== Segment start ==

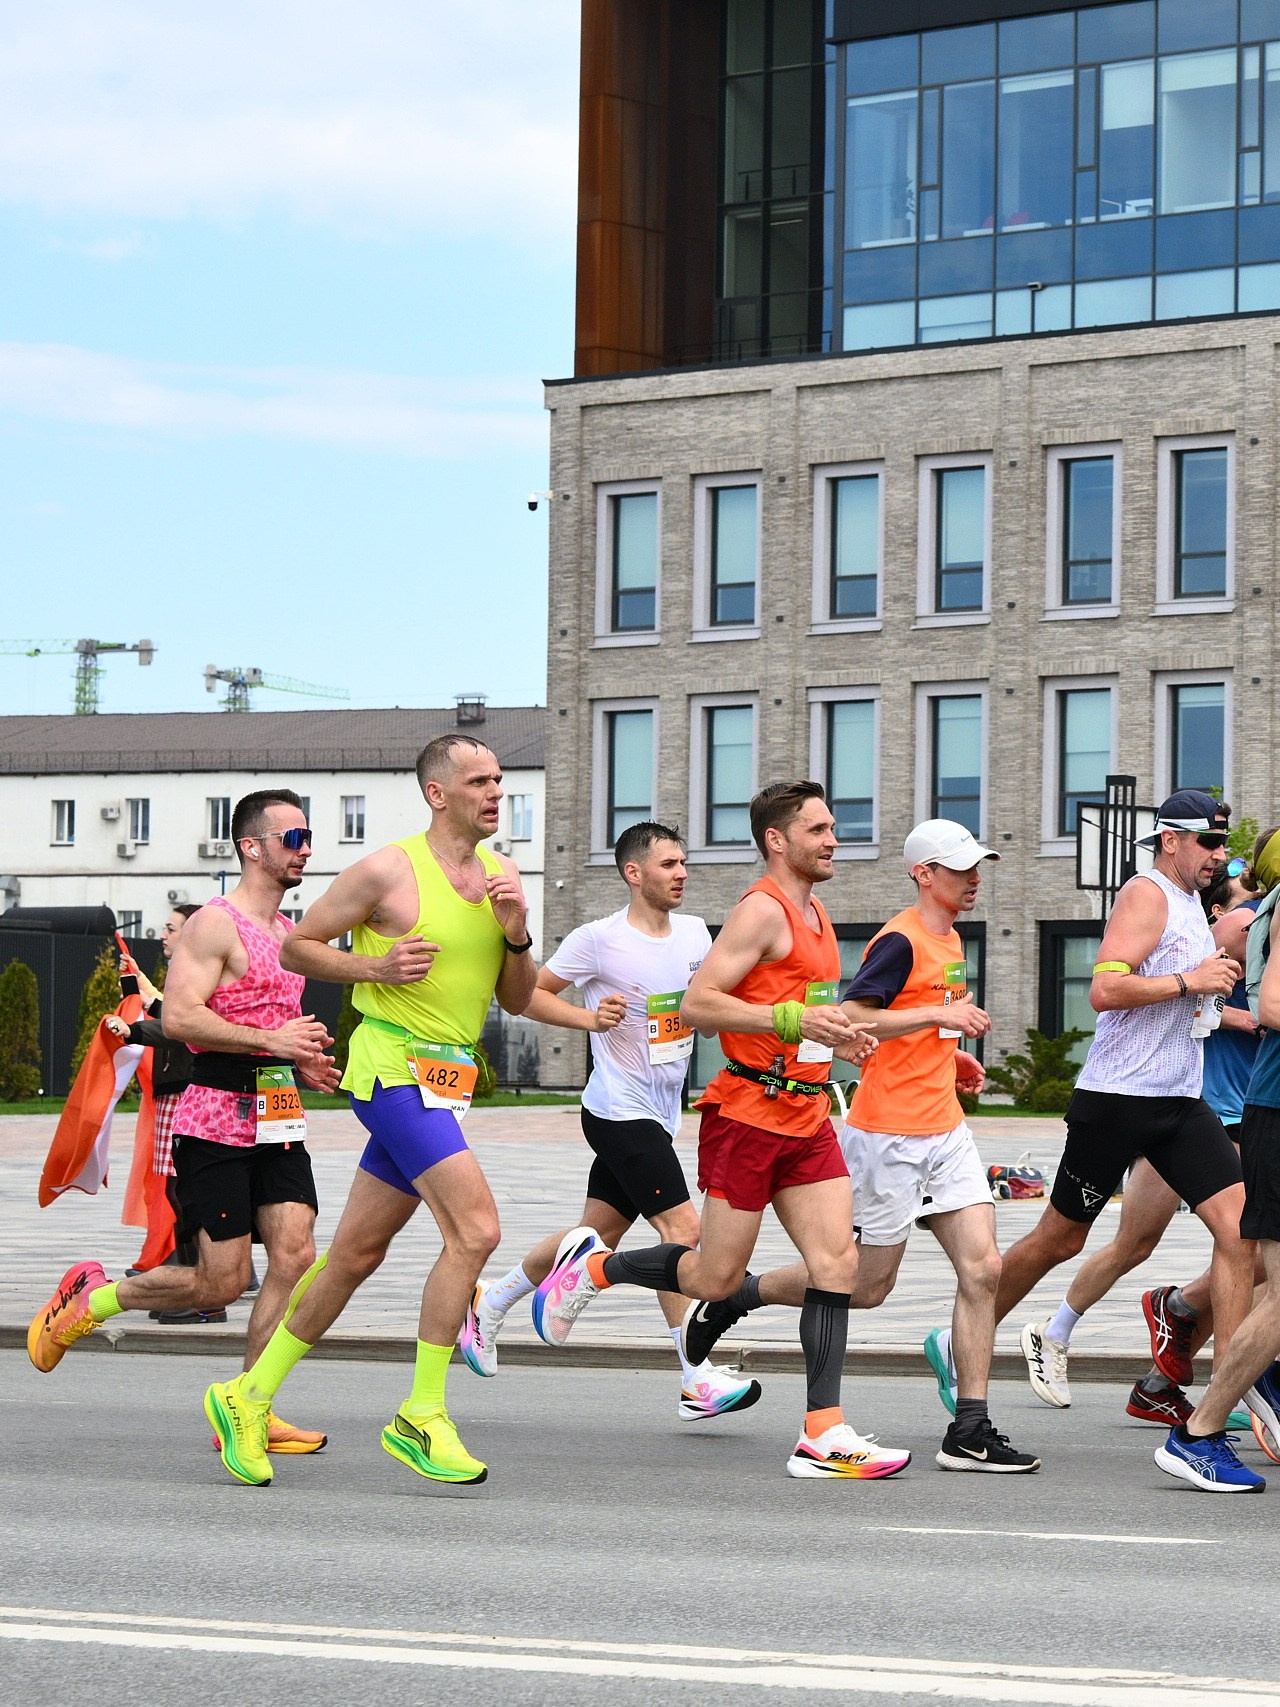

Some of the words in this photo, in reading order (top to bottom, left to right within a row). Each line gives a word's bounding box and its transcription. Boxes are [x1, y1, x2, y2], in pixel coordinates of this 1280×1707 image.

[650, 1025, 657, 1033] B
[426, 1067, 459, 1088] 482
[258, 1101, 265, 1110] B
[272, 1093, 300, 1111] 3523

== Segment end ==

### WHAT TO DO
Without the pictures, repeat the listing exactly as it reads.

### ANSWER TO THE PROBLEM
Some of the words in this photo, in reading order (top to bottom, left to right within a row). Each line gives a word's bounding box and its transcription. Boxes are [x1, y1, x2, y2], in pixel coordinates of this 1280×1707 image.

[650, 1025, 657, 1033] B
[426, 1067, 459, 1088] 482
[258, 1101, 265, 1110] B
[272, 1093, 300, 1111] 3523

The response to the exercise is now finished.